What you need to do – Line by line, transcribe the data below exactly and pass over the images.

● ● ●

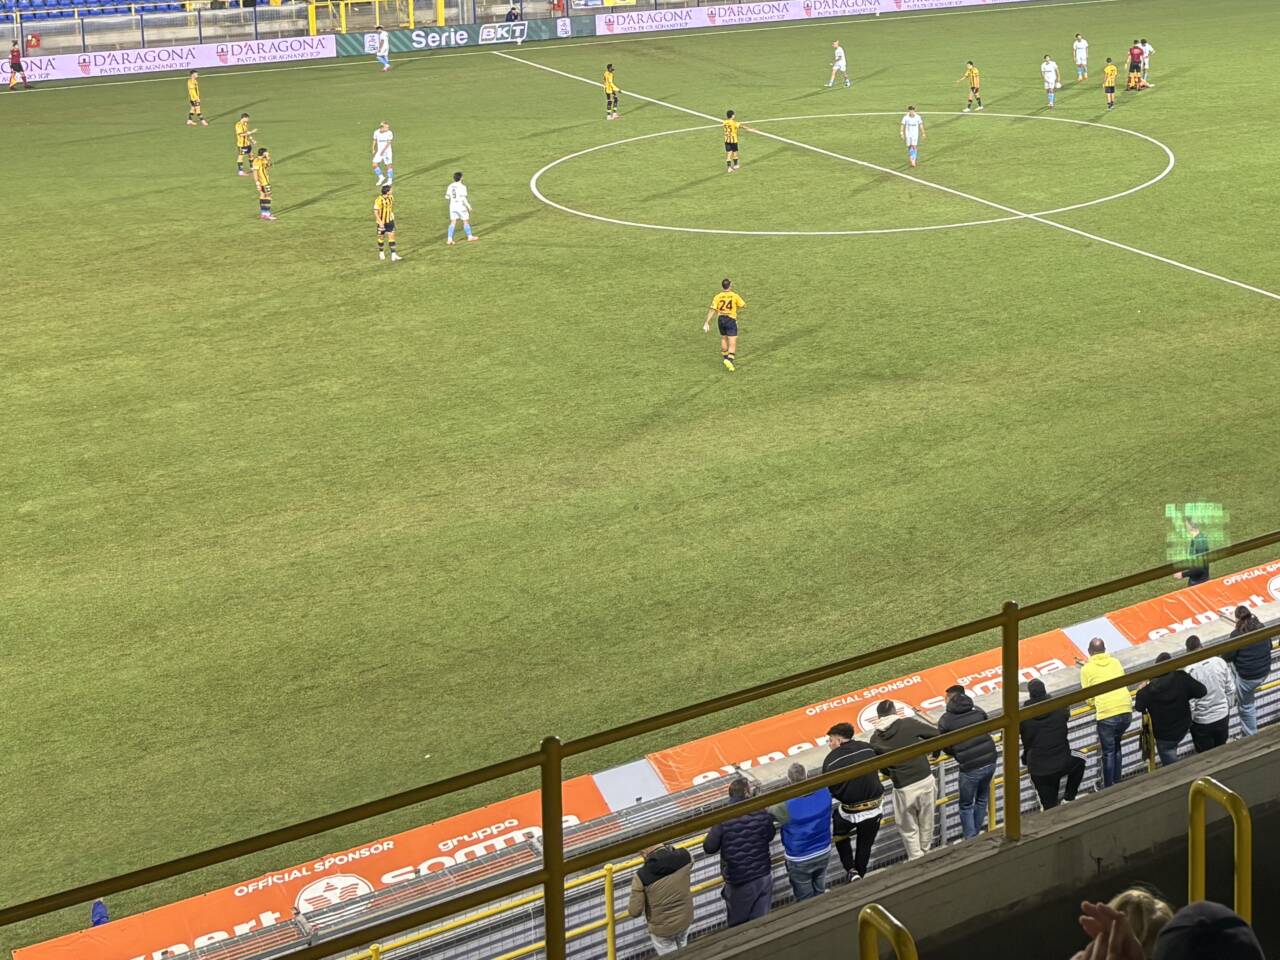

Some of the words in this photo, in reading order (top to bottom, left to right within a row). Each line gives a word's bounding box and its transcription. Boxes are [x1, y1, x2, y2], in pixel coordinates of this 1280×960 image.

[616, 10, 692, 26] D'ARAGONA
[718, 2, 790, 18] D'ARAGONA
[412, 27, 469, 48] Serie
[481, 24, 527, 41] BKT
[231, 37, 326, 56] D'ARAGONA
[94, 47, 196, 67] D'ARAGONA
[100, 66, 121, 74] PASTA
[719, 299, 733, 311] 24
[1223, 569, 1267, 586] OFFICIAL
[805, 695, 862, 716] OFFICIAL
[863, 675, 922, 699] SPONSOR
[437, 818, 519, 852] gruppo
[233, 867, 311, 897] OFFICIAL
[313, 840, 394, 873] SPONSOR

● ● ●

Solution to the exercise –
Some of the words in this photo, in reading order (top to bottom, left to right within a row). Each line gives a word's bounding box and its transcription. Boxes are [x1, y1, x2, y2], in pixel coordinates of this 1280×960 image.

[616, 10, 692, 26] D'ARAGONA
[718, 2, 790, 18] D'ARAGONA
[412, 27, 469, 48] Serie
[481, 24, 527, 41] BKT
[231, 37, 326, 56] D'ARAGONA
[94, 47, 196, 67] D'ARAGONA
[100, 66, 121, 74] PASTA
[719, 299, 733, 311] 24
[1223, 569, 1267, 586] OFFICIAL
[805, 695, 862, 716] OFFICIAL
[863, 675, 922, 699] SPONSOR
[437, 818, 519, 852] gruppo
[233, 867, 311, 897] OFFICIAL
[313, 840, 394, 873] SPONSOR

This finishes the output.